▸ WHAT YOU ARE ASKED TO DO:
When you write out the listing, keep each word exactly as it stands but include none of its images.
BEGIN
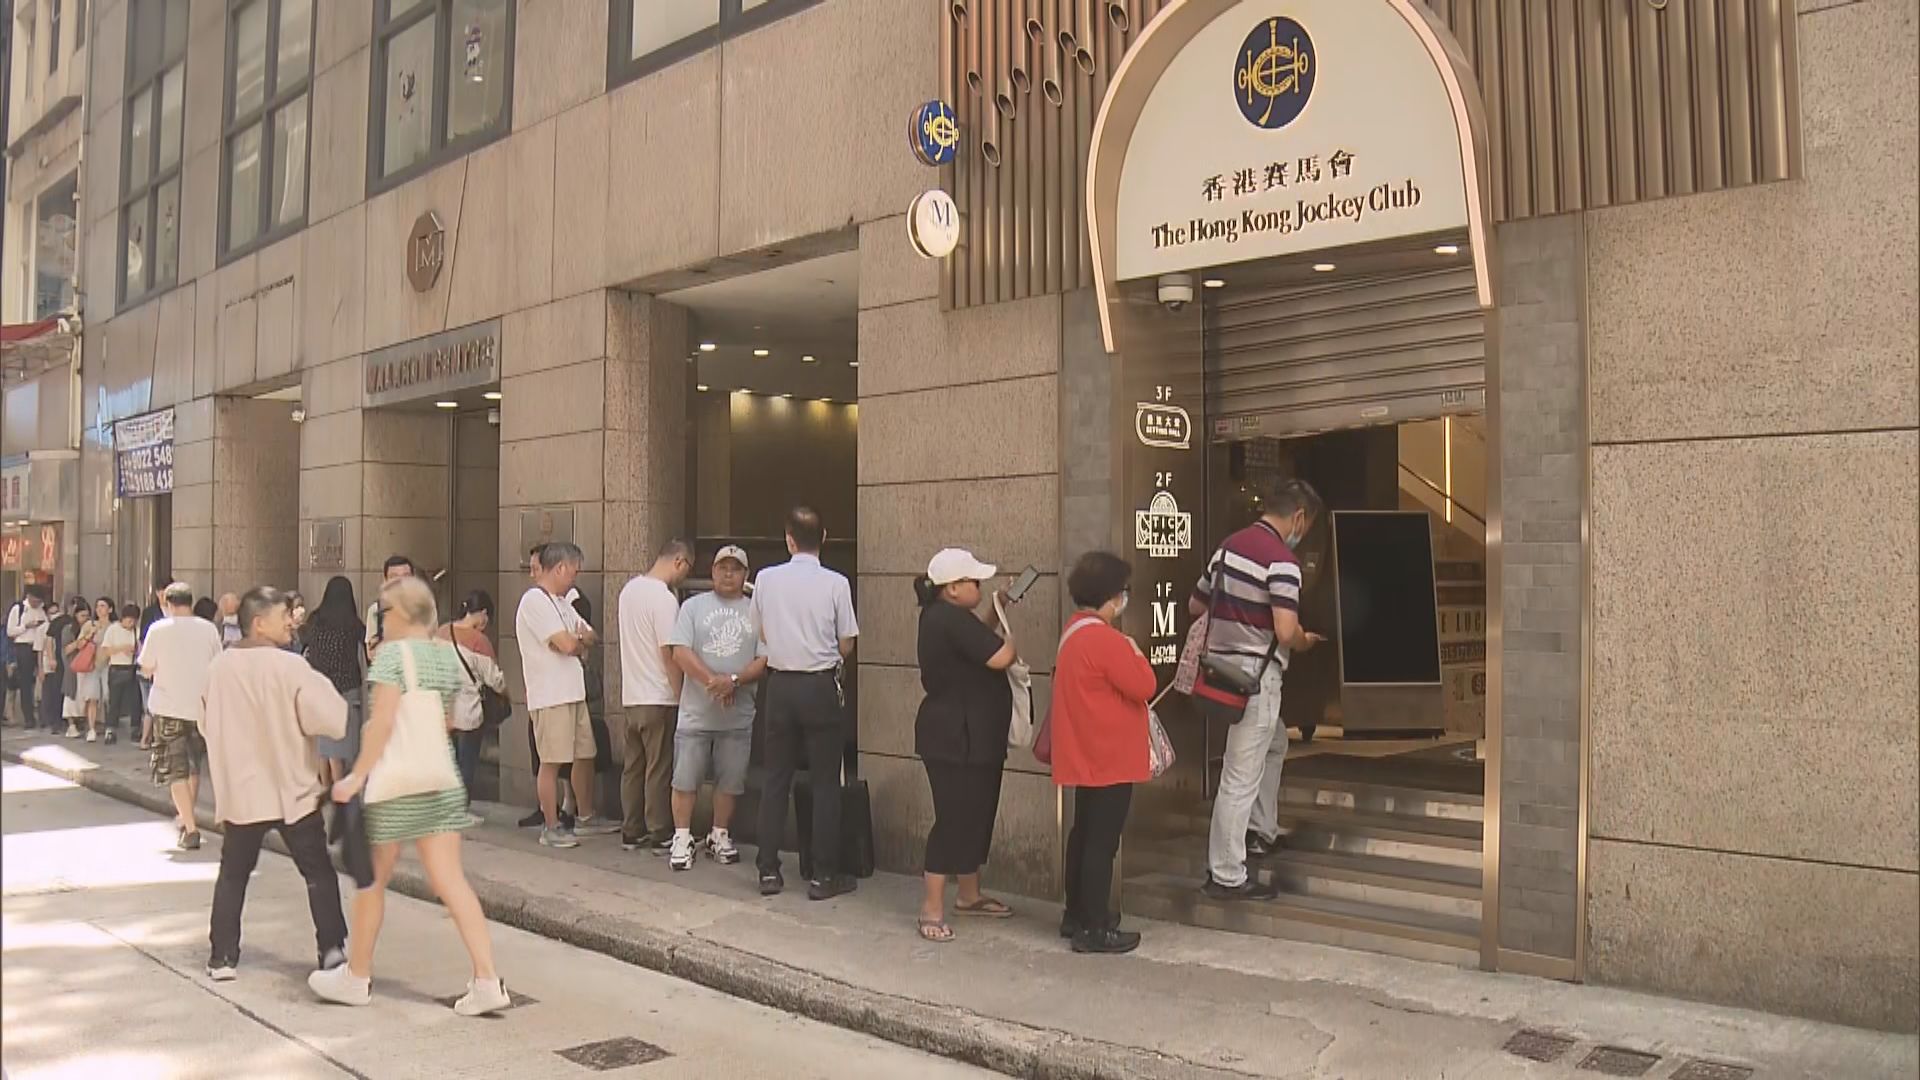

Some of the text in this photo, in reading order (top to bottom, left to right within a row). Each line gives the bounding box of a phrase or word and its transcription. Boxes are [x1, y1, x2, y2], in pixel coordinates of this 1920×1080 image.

[1202, 149, 1355, 202] 香港賽馬會
[1151, 178, 1421, 248] The Hong Kong Jockey Club
[1155, 385, 1172, 401] 3F
[1155, 471, 1172, 487] 2F
[1152, 516, 1175, 529] TIC
[1152, 532, 1175, 545] TAC
[1156, 582, 1172, 597] 1F
[1150, 602, 1177, 637] M
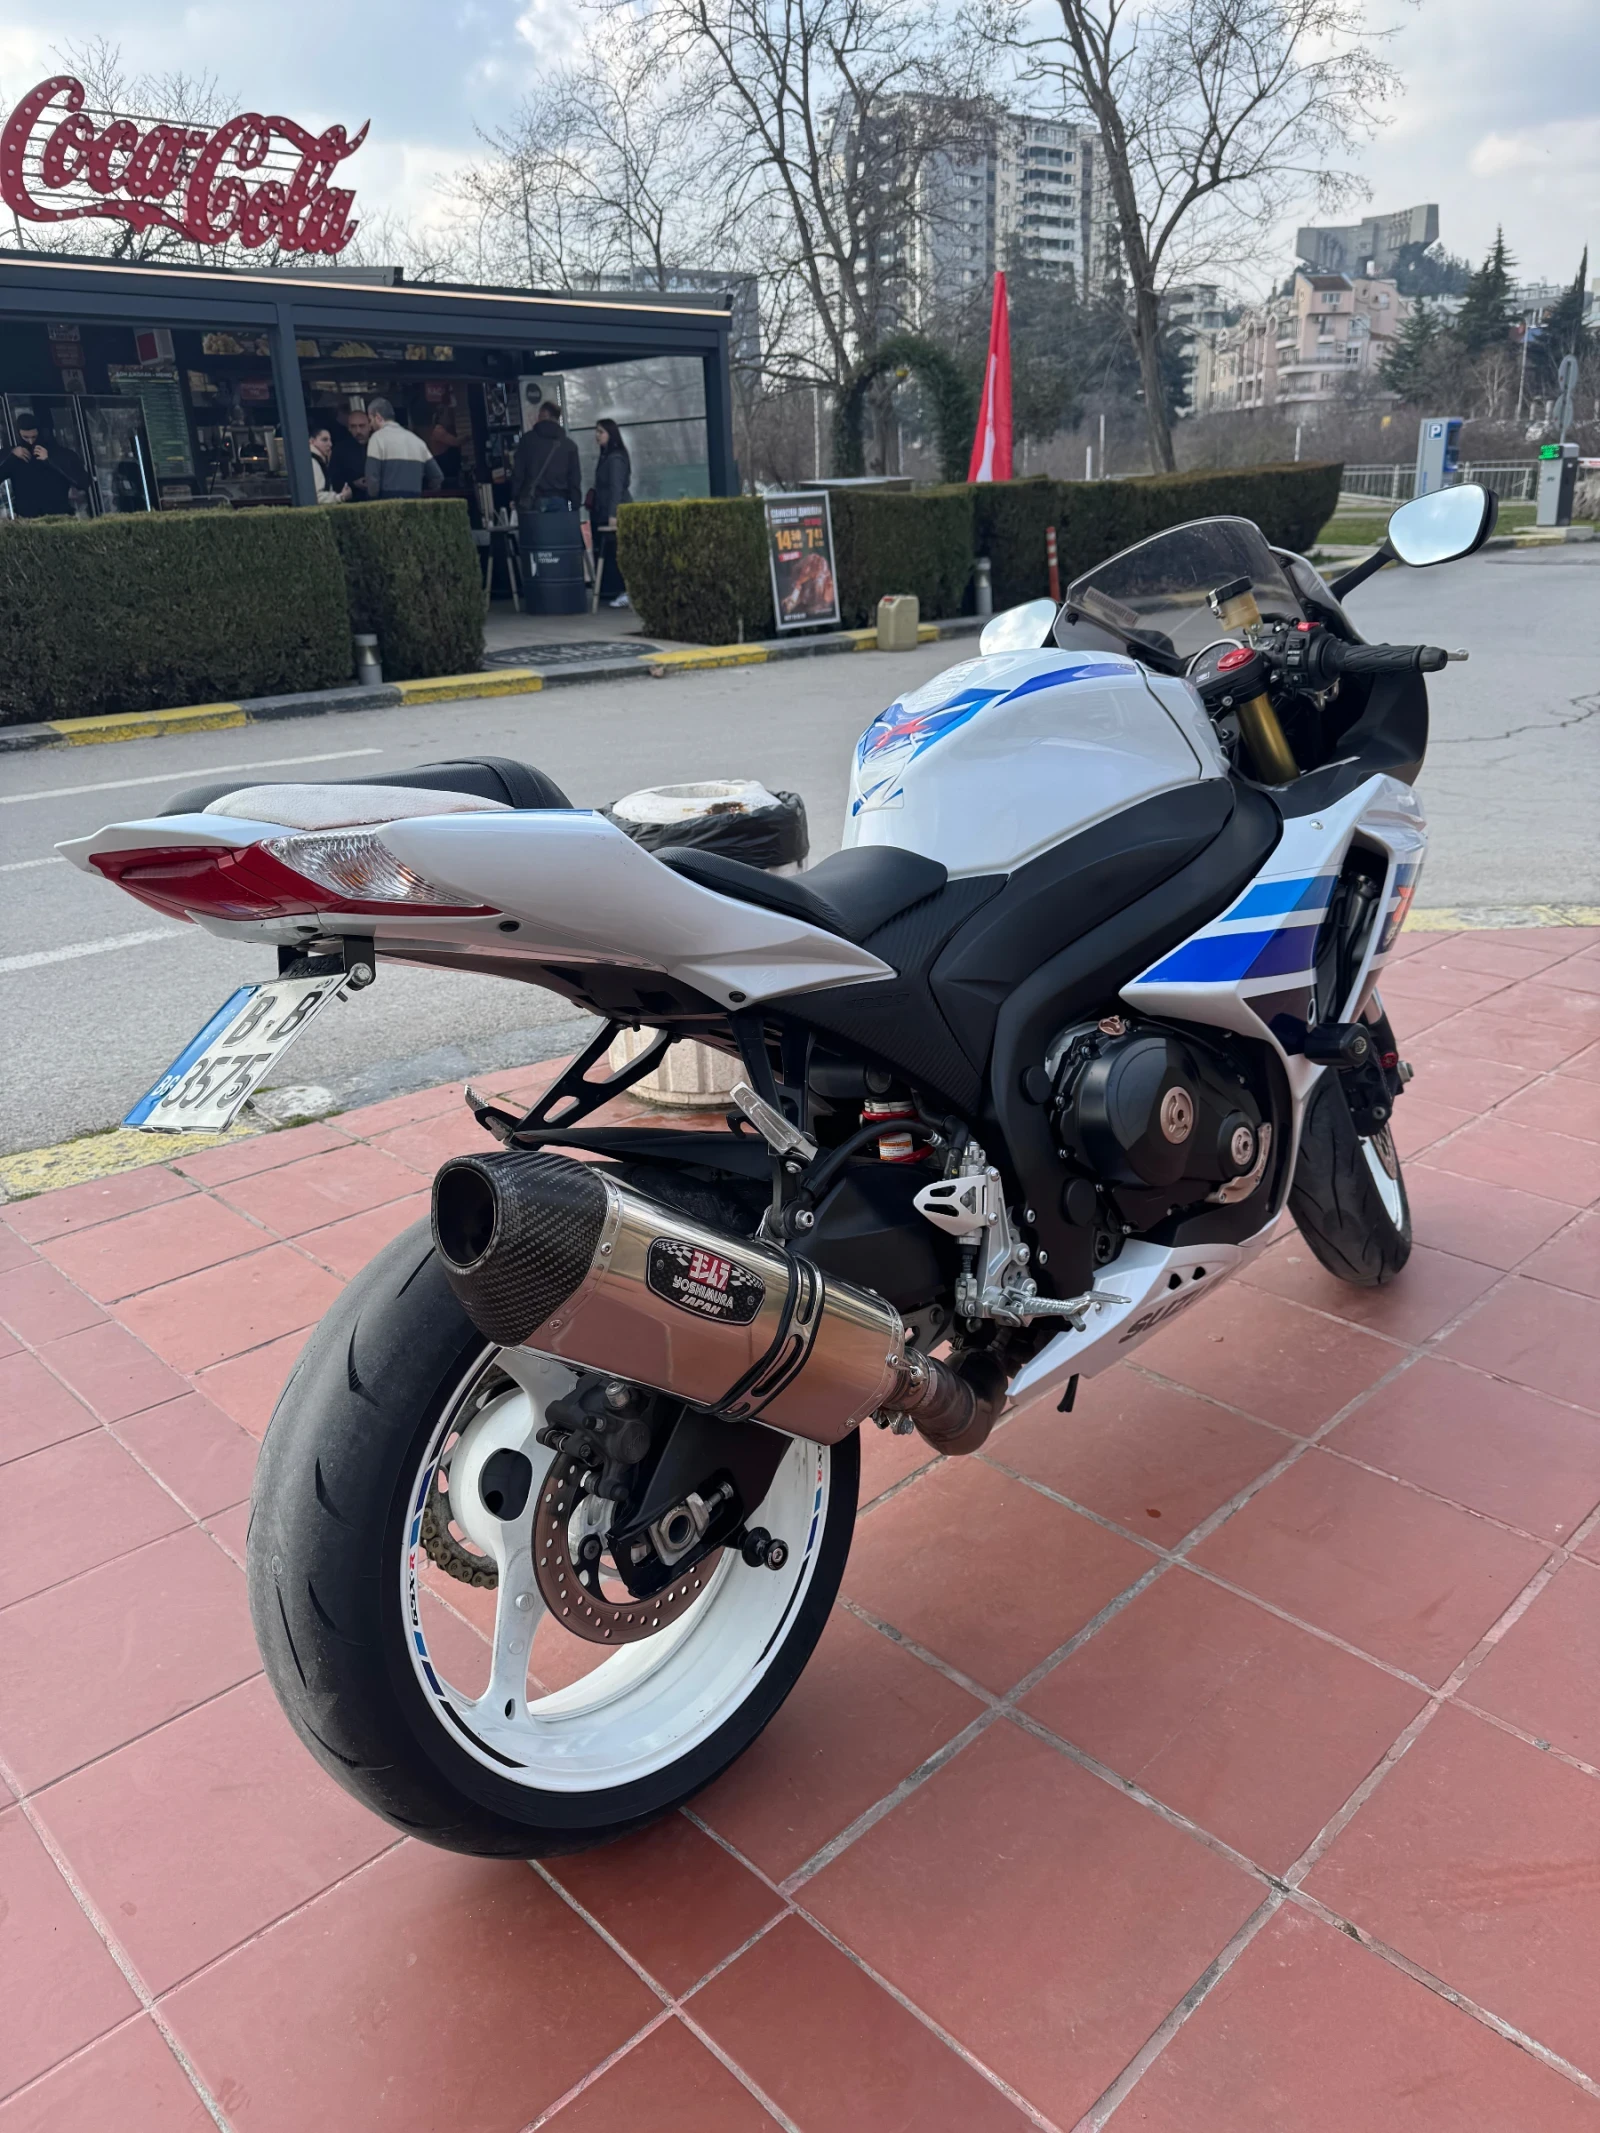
END
▸ OUTPUT BELOW:
Some of the text in this photo, in reading order (top to bottom, left to right within a row). Each line gives the bounding box of a phrase or word and its transcription. Boxes are [x1, y1, x2, y2], in pixel coordinates of this 1920×1080 image.

[1202, 149, 1355, 202] 香港賽馬會
[1151, 178, 1421, 248] The Hong Kong Jockey Club
[1155, 385, 1172, 401] 3F
[1155, 471, 1172, 487] 2F
[1152, 516, 1175, 529] TIC
[1152, 532, 1175, 545] TAC
[1156, 582, 1172, 597] 1F
[1150, 602, 1177, 637] M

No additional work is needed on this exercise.